__Exercise__.
From the first line to the last, set down the material exactly and drop every picture.

Data for analysis START

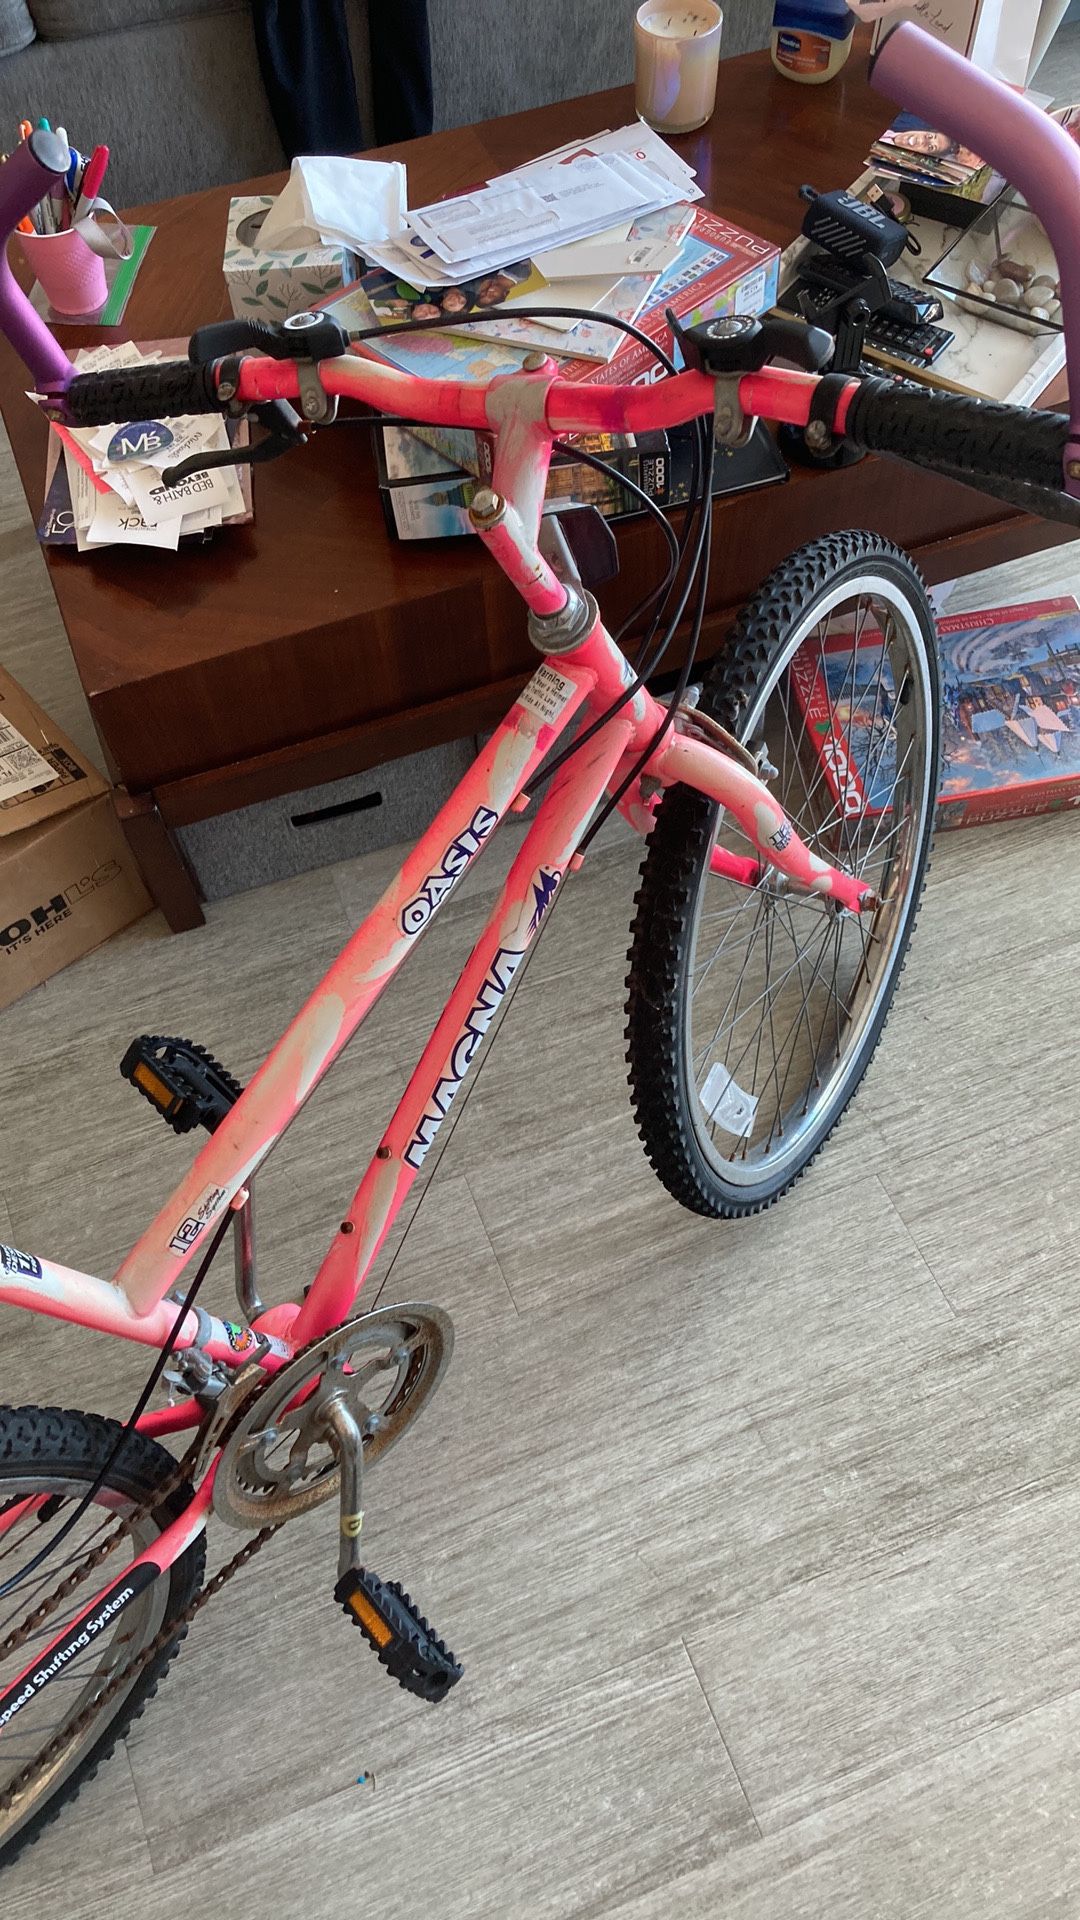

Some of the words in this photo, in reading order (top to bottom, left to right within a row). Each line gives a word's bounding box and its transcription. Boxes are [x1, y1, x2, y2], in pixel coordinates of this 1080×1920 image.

[837, 194, 885, 229] JBL
[667, 281, 706, 308] AMERICA
[619, 355, 631, 368] OF
[194, 479, 214, 494] BED
[656, 457, 664, 489] 1000
[153, 495, 162, 505] &
[164, 484, 192, 503] BATH
[822, 735, 861, 815] 1000
[401, 805, 499, 935] OASIS
[0, 860, 122, 947] OHL'S
[5, 935, 32, 955] IT'S
[35, 911, 73, 936] HERE
[404, 948, 526, 1170] MAGNA
[169, 1217, 205, 1254] 12
[33, 1631, 90, 1687] Shifting
[86, 1587, 135, 1634] System
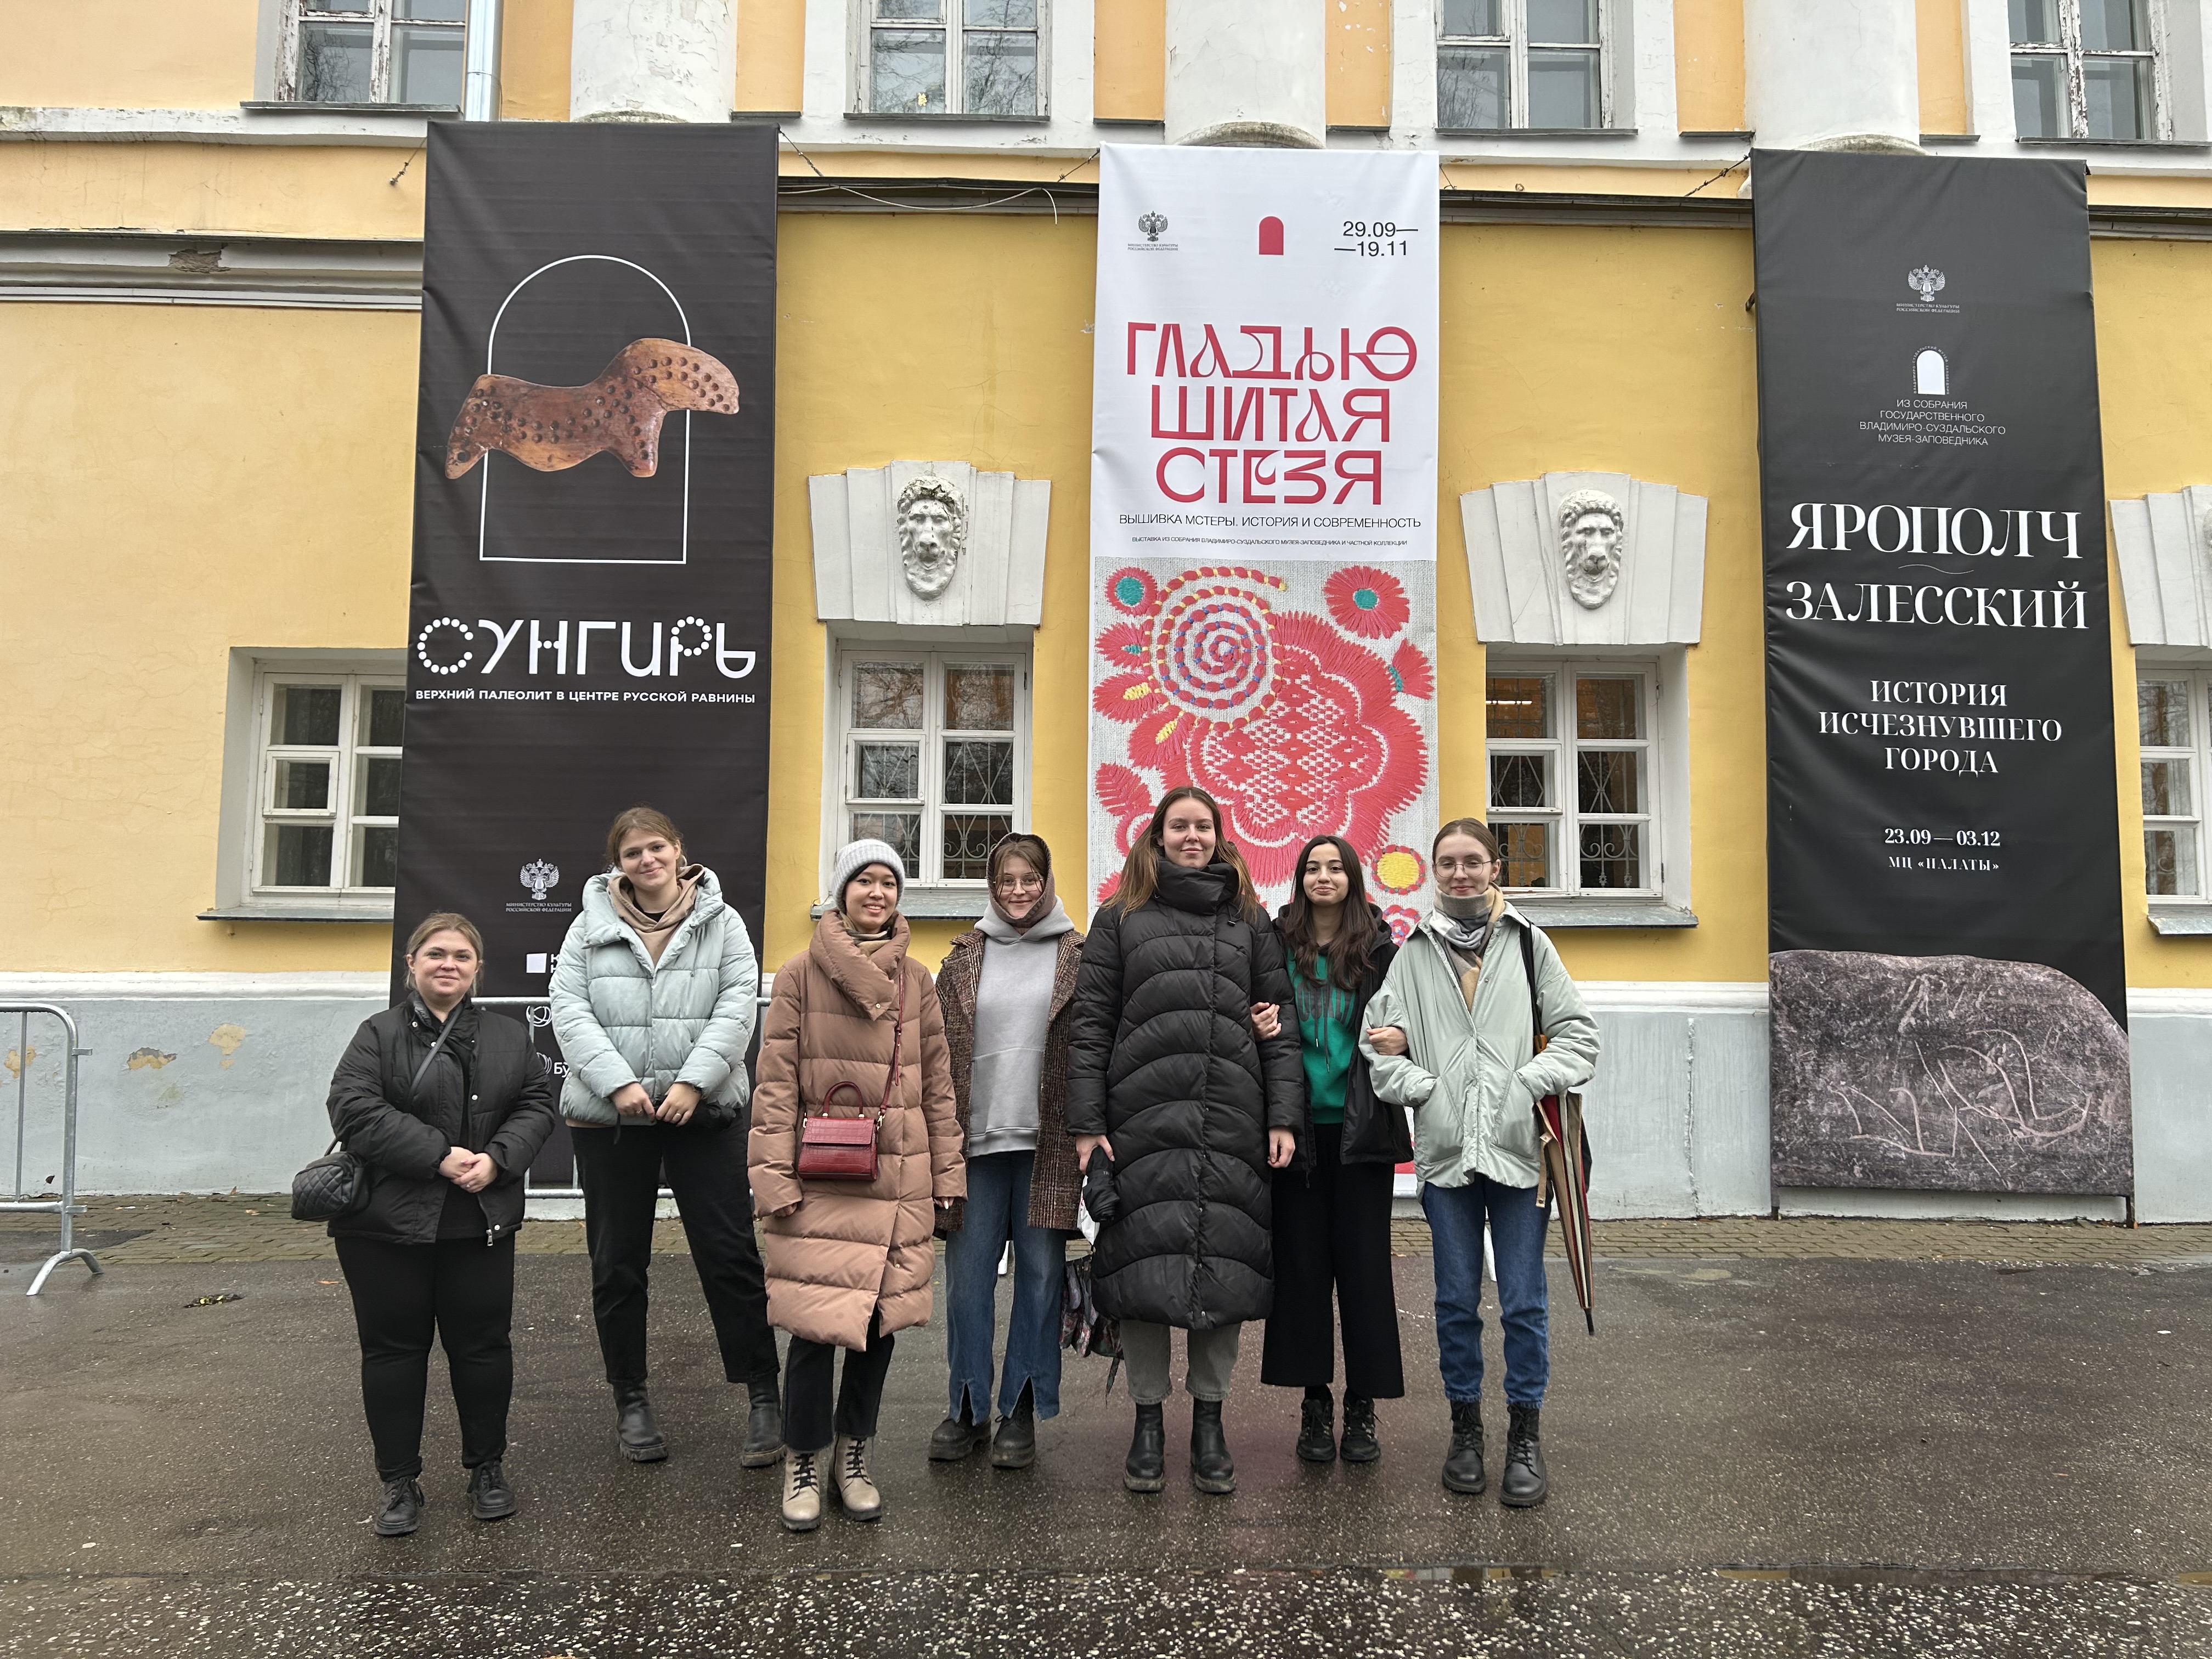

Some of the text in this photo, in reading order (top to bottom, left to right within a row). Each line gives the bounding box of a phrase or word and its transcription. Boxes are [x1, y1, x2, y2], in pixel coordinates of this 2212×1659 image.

Data for analysis END

__Solution to this problem__.
Some of the words in this photo, in reading order (top to bottom, left to right within a row). Each line gives a word's bounding box and its transcription. Boxes are [x1, y1, x2, y2], in pixel coordinates of this 1080×1920 image.

[837, 194, 885, 229] JBL
[667, 281, 706, 308] AMERICA
[619, 355, 631, 368] OF
[194, 479, 214, 494] BED
[656, 457, 664, 489] 1000
[153, 495, 162, 505] &
[164, 484, 192, 503] BATH
[822, 735, 861, 815] 1000
[401, 805, 499, 935] OASIS
[0, 860, 122, 947] OHL'S
[5, 935, 32, 955] IT'S
[35, 911, 73, 936] HERE
[404, 948, 526, 1170] MAGNA
[169, 1217, 205, 1254] 12
[33, 1631, 90, 1687] Shifting
[86, 1587, 135, 1634] System

Some of the text in this photo, in reading order (top to bottom, left to right within a row). Each line gives the bounding box of a phrase or word and its transcription. Boxes are [x1, y1, x2, y2], in pixel coordinates of this 2212×1659 image.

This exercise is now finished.